The next element to be considered in a credit rating analysis is the impact of regulations on the industry. “Pharmaceutical companies have to operate in a highly regulated environment; the degree of regulation to a significant extent depends on the country and type of the product.

In the United States – the largest and the most attractive pharmaceutical market – currently there is no direct price control for non-government drug sales. At the same time, it is expected that Medicare Prescription Drug Improvement and Modernization Act will potentially increase downward price pressure”. (Larry Davidson and Gen’nadiy Greblov, 2005). Given this, the company BMY’s credit rating suffers.

Labor and Accounting

The labor situation and the special accounting practices are the other elements that affect the growth of any industry. The accounting requirements in general after the passing of the Sarbanes – Oxley Act 2002 have put an enormous burden on any manufacturing companies and this also applies to the pharmaceutical industry which affects the performance of the companies though not seriously. The labor situation in the industry does not pose any serious issues that hinder the growth of the industry.

Financial Analysis

Having considered the industry outlook and the factors affecting the growth of the industry the next stage is to proceed with the financial analysis of the company.

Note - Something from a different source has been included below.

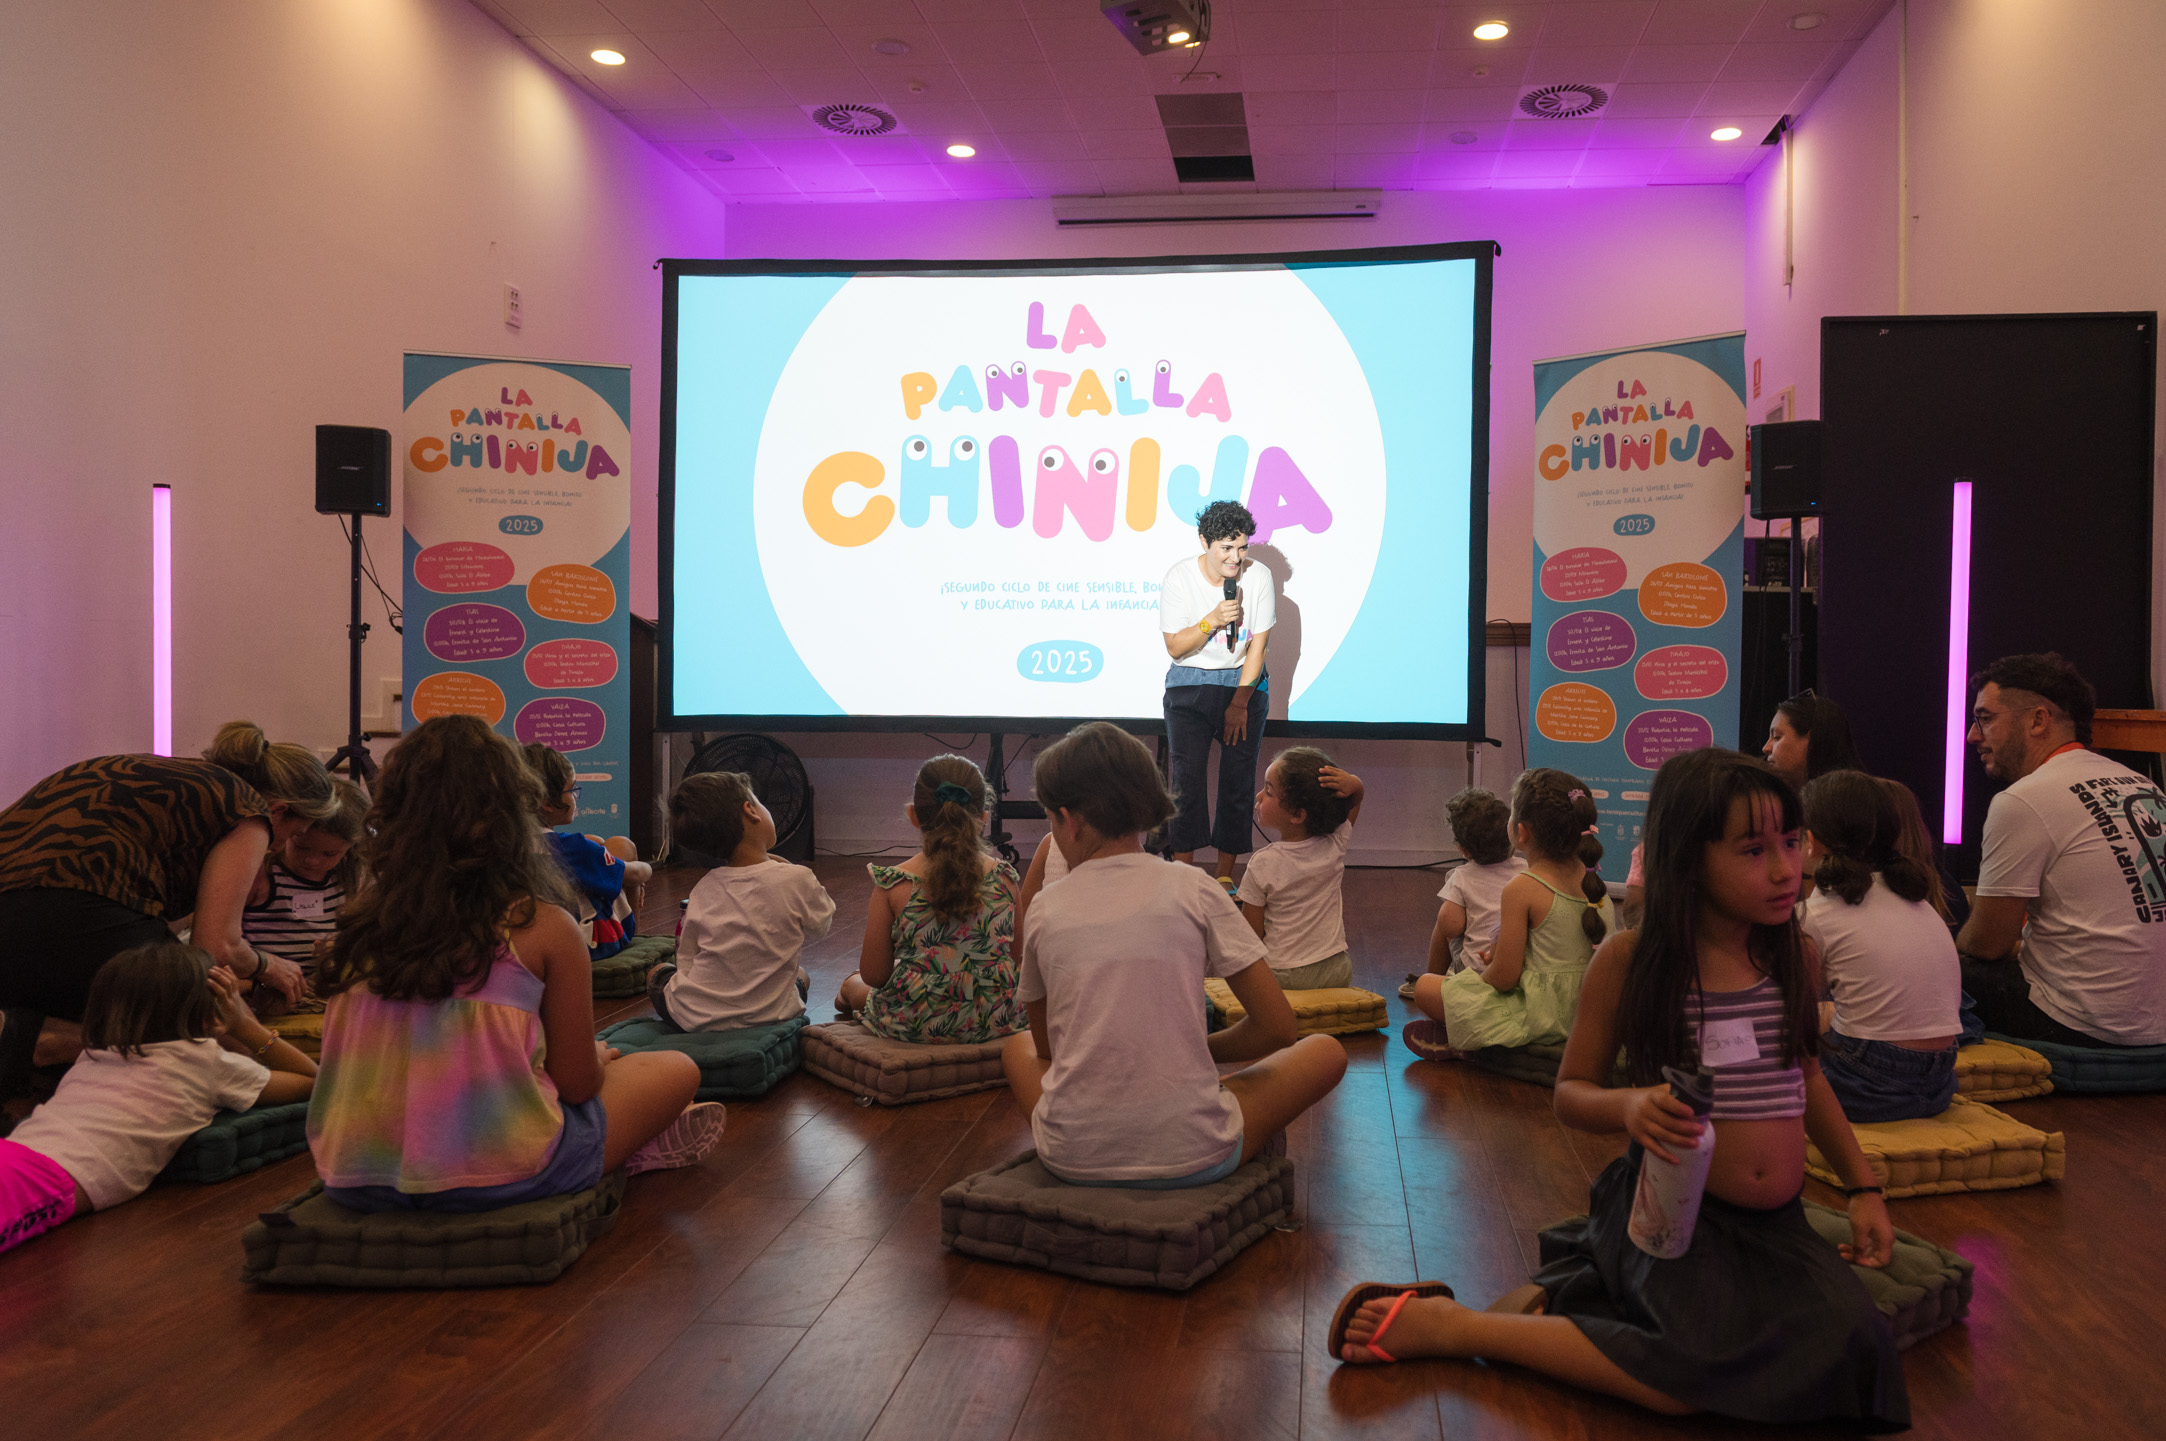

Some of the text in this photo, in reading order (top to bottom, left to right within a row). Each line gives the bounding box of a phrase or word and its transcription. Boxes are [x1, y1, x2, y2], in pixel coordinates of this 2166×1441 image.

This phase of the analysis takes into account the traditional ratio analysis. The ratios to be considered will include Interest coverage, leverage, cash flow to total debt, return on equity, working capital, intangibles, pension liabilities and age and conditions of the plant, etc.

Company Outlook

Bristol-Meyers Squibb made announcements that due to falling sales revenues the company is expected to make major losses for the last quarter of 2007. This is due to the loss of sales revenue from one of the top-selling products of the company ‘Plavix’ which faced stiff competition from the generic drug manufactured by Canada-based Apotex Inc. BMY has to restrain the Canadian competitor by an order from the Court but the sales of the company were badly affected in the meantime. Due to a fall in the sales revenue, the company’s net income also declined from $ 3 billion in the year 2005 to $ 1.5 billion in the year 2006 which is nearly a drop of 50 percent. (Investor guide.com)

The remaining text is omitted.